Today is the 10th of May. It’s Mother’s Day. My mother is long gone though I still am surprised that there are moments when I think: I need to call Mom and tell her this. So does my brother once in awhile.

So Happy Mother’s Day to all and sundry; when I was having my haircut today the woman cutting my hair asked me what I was doing for Mother’s Day and I had to tell her nothing. My mother has now been dead for twenty years. It seems impossible but it’s true. The last time I saw her she thought I was her brother Ted. It broke my heart.

And those are the things we have to face with aging parents and to worry about for ourselves as we age. I do, for myself. On Sundays I read the Wedding section of The New York Times and the Obituaries. Today there were a few people near my age who had died and it struck me how fragile our time on life earth is and how fleeting.

But these are existential questions and probably first world problems.

In Yemen, they are hoping that the conversation about a ceasefire will become reality. It will help get supplies to folks who are on the edge of starving. That’s a real world problem.

Apparently, there is an attempt being made to get a five-day truce to start on Tuesday to allow for the delivery of humanitarian supplies. There is also going to be a meeting between Arab leaders and Obama at Camp David this week though today King Salman of Saudi Arabia announced he would not be attending. Instead he is sending his Crown Prince and his Deputy Crown Prince in a gesture intended to communicate his displeasure with the US and its effort to reach a nuclear deal with Iran.

In Liberia today the churches celebrated that the country now seems free from Ebola. That’s a real world celebration.

In devastated Nepal, efforts are being made to provide sanitation for all of those who have lost their homes in an effort to prevent cholera and other diseases in advance of the coming Monsoon season. It is critical for the country that has in the past few years made major progress in creating better sanitation; much of that has been reversed by the earthquake. That is a very real problem. And it’s not a first world problem.

In our first world set of problems, security has been increased at US bases in this country because of a heightened concern over ISIS attacks in the homeland.

“Homeland” is a word I don’t remember being used for this country before 9/11, before there was a Department of Homeland Security. It is vaguely unsettling to me – like the Nazis who called Germany “The Fatherland.” It evokes a sense of siege, which I suppose we are in, in a way.

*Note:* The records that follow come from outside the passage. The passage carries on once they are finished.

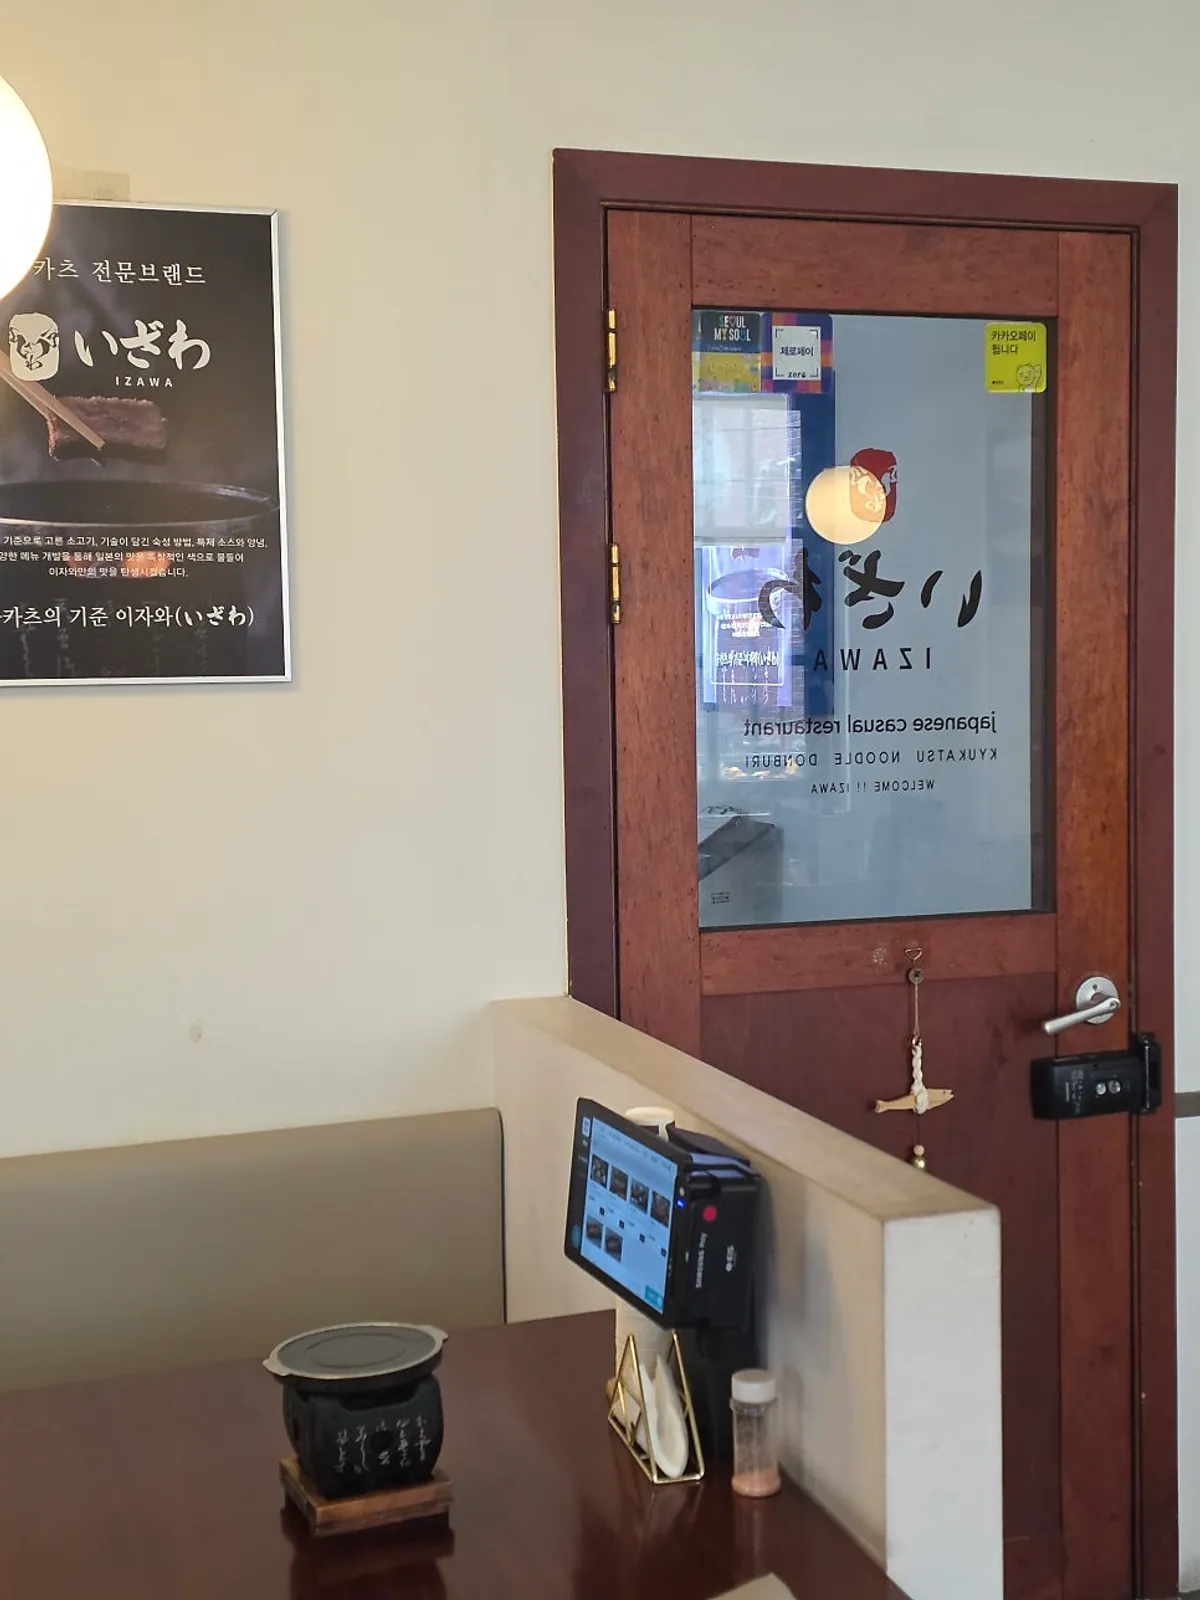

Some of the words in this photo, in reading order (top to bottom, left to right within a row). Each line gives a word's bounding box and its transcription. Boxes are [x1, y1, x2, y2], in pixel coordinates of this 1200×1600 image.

[91, 260, 206, 286] 전문브랜드
[991, 330, 1036, 342] 카카오페이
[74, 319, 211, 370] いざわ
[780, 346, 814, 357] 제로페이
[115, 376, 173, 388] IZAWA
[100, 536, 128, 547] 기술이
[217, 537, 245, 548] 소스와
[0, 606, 61, 629] 카츠의
[69, 606, 109, 628] 기준

ISIS is a very real world problem all over the world.

Raul Castro met with Pope Francis. He is now thinking about going back to church. That’s a “Saul on the road to Damascus” moment if there ever was one.

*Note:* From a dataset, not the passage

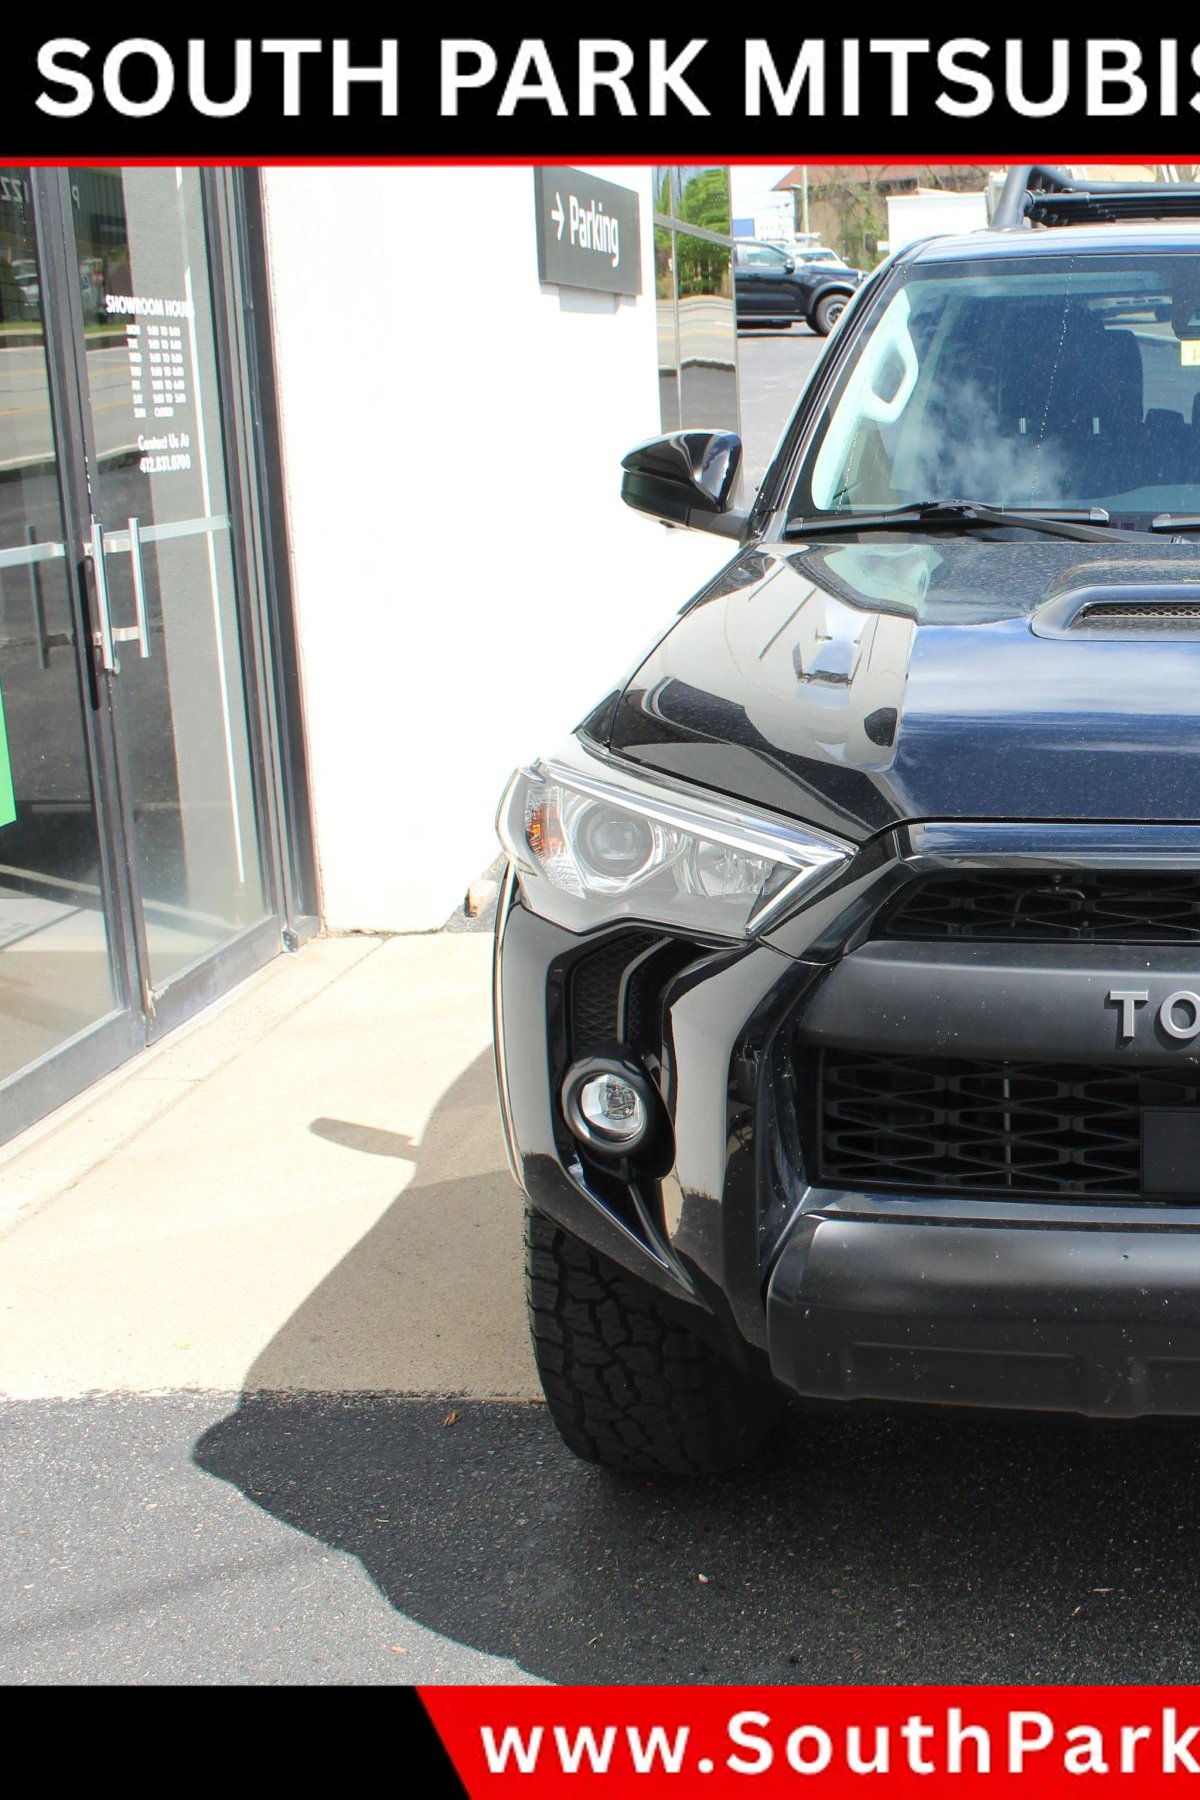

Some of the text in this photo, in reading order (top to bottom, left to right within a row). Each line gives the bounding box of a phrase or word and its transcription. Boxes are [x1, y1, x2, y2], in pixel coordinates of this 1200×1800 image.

Two days of mourning have been declared in Macedonia for the death of eight police officers that were killed in a raid against a terrorist organization, which seemed to have been made of ethnic Albanians. In the story, there are threads of organized crime, heroin and the continued instability of countries that once made up Yugoslavia.

Speaking of a Yugoslavian kind of situation, the hegemony of the television networks is really beginning to splinter this year as we go into the “upfronts,” that moment in the year when television networks get as much as 75% of their inventory purchased by advertisers.

Television ratings, overall, are down 9% from last year to this. Digital is getting more dollars and networks are facing a moribund upfront. It will still be huge but probably flat or down. It is an amazing thing to watch.

What is also amazing to watch is the sunset happening outside. Today was supposed to be a day of thunderstorms but instead there were crisp blue skies and the warmest day of the year. Clouds are beginning to form and we’ll probably have rain tomorrow but today was spectacular.